─── DATA SHOWN
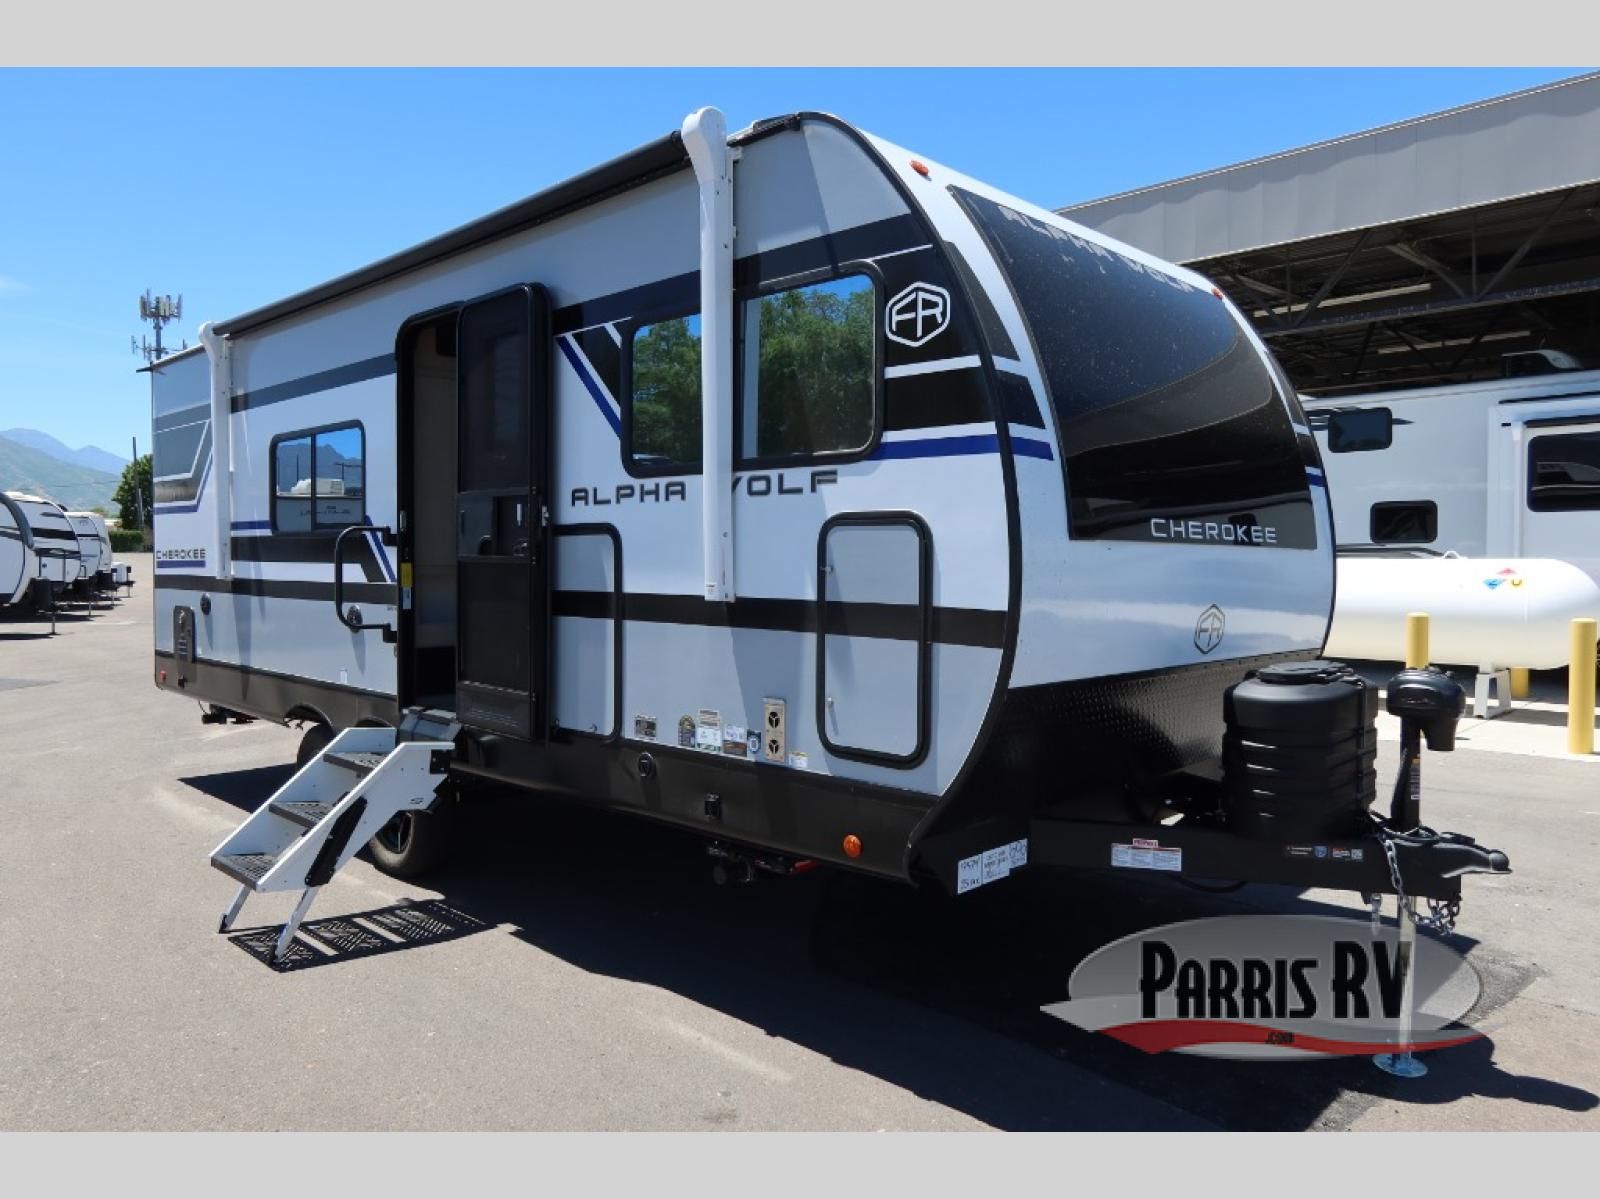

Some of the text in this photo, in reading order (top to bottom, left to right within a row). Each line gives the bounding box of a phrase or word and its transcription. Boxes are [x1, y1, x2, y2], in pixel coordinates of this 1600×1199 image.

[889, 287, 946, 342] FR
[571, 469, 839, 507] ALPHA OLF
[1149, 517, 1278, 545] CHEROKEE
[155, 548, 206, 560] CHEROKEE
──────
ASSIGNMENT
Please return the material above unchanged, with every picture removed.

REPLY
Some of the text in this photo, in reading order (top to bottom, left to right within a row). Each line gives the bounding box of a phrase or word and its transcription. Boxes are [x1, y1, x2, y2], in pixel coordinates of this 1600×1199 image.

[889, 287, 946, 342] FR
[571, 469, 839, 507] ALPHA OLF
[1149, 517, 1278, 545] CHEROKEE
[155, 548, 206, 560] CHEROKEE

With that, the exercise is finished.